My family is weirdly phobic. I myself suffer from a fear of flying,  the kind that occurs in airplanes, and death. Seems pretty reasonable to me. My family, on the other hand, suffers from such intense fears, that they often huddle together, like penguins trying to stay warm, protecting themselves from the impending doom that is certain to consume their very souls.
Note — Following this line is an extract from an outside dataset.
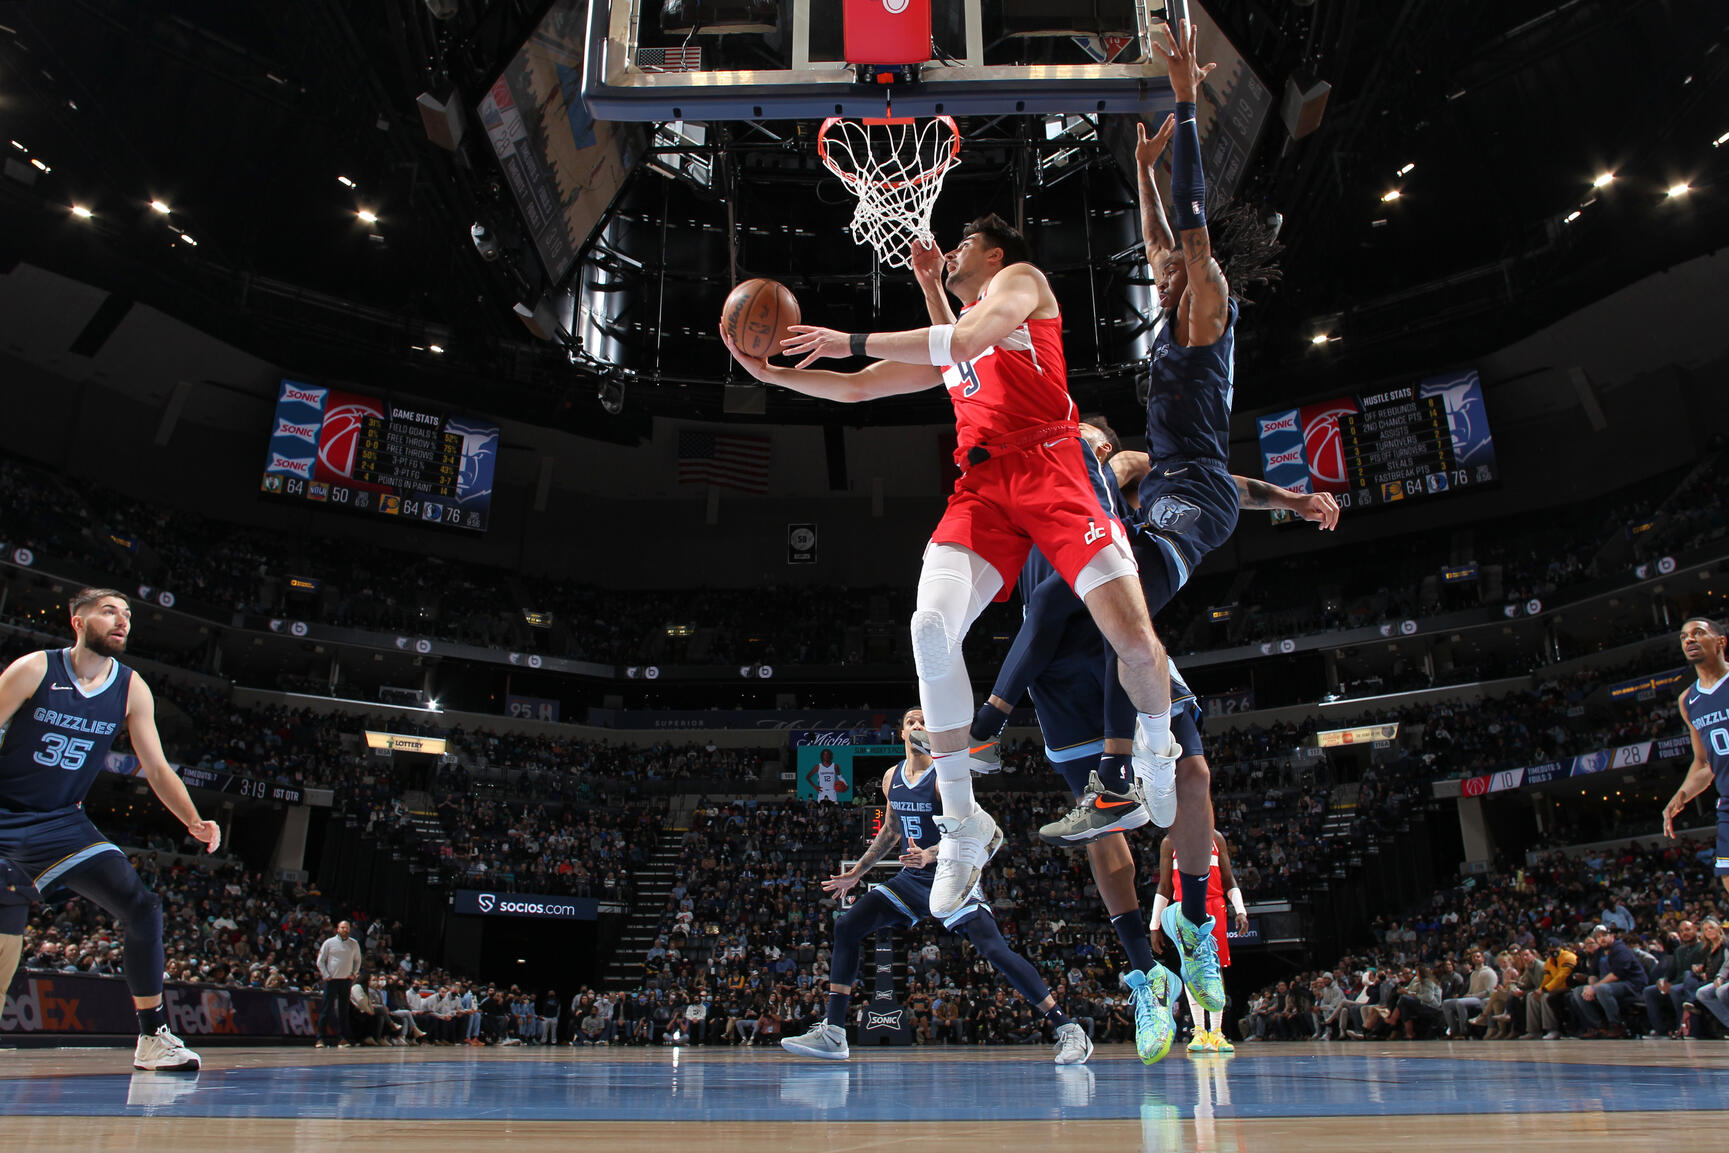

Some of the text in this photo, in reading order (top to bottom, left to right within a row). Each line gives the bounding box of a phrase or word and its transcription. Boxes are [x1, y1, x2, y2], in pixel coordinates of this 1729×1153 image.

One of my daughters is frightened to death of costumes, you know, people dressed up as team mascots, and cartoon characters. It matters not that she is looking at Batman, or Spiderman, heroes that will keep her from harm’s way, it is still a costume. She has never been able to sit through a professional sporting event. She has never attended the Ice Capades, and our family trip to Disneyland was, to say the least, a significantly traumatic experience for her.

Along with this masklophobia, she, one of her sisters, and my wife also suffer from the dreaded fear of clowns. Not just the evil, scary clowns that have been portrayed in ‘It’ as Pennywise, but the happy, funny clowns that fall out of small cars, and squirt water out of a flower on their lapel. It seems that all clowns all scary, including Bozo, Krusty, and Clarabell. It is not surprising that none of them have ever been to the circus. Our one trip to a rodeo proved disastrous once the rodeo clowns came out. Their coulrophobia induced screams, and shrieks, tears, and gasping for air. And then their was a hasty retreat, which included jogging through the aisles, to the car

There is a widespread fear of monsters, which I have tried to point out on numerous occasions, are not real. My wife cannot watch a sci-fi film, such as Alien, or The Thing, or even Frankenstein. She is however fine with Frank ‘n’ Furter from The Rocky Horror Picture Show, which as a film, has an inordinate number of people in costume. She says that she likes Tim Curry. I remind her that Tim Curry was also Pennywise the clown. She refuses to discuss it, stating only that she doesn’t like clowns. As a general rule, if she is home, I cannot watch horror or Science Fiction films unless I am in a room she is not. I don’t mind really, I mean, she generally talks through every film or television show we watch, repeatedly asking, ‘Who is that?”, or “Where did he come from?” I regularly point out that it would be easy for her to follow, if she would just stop talking.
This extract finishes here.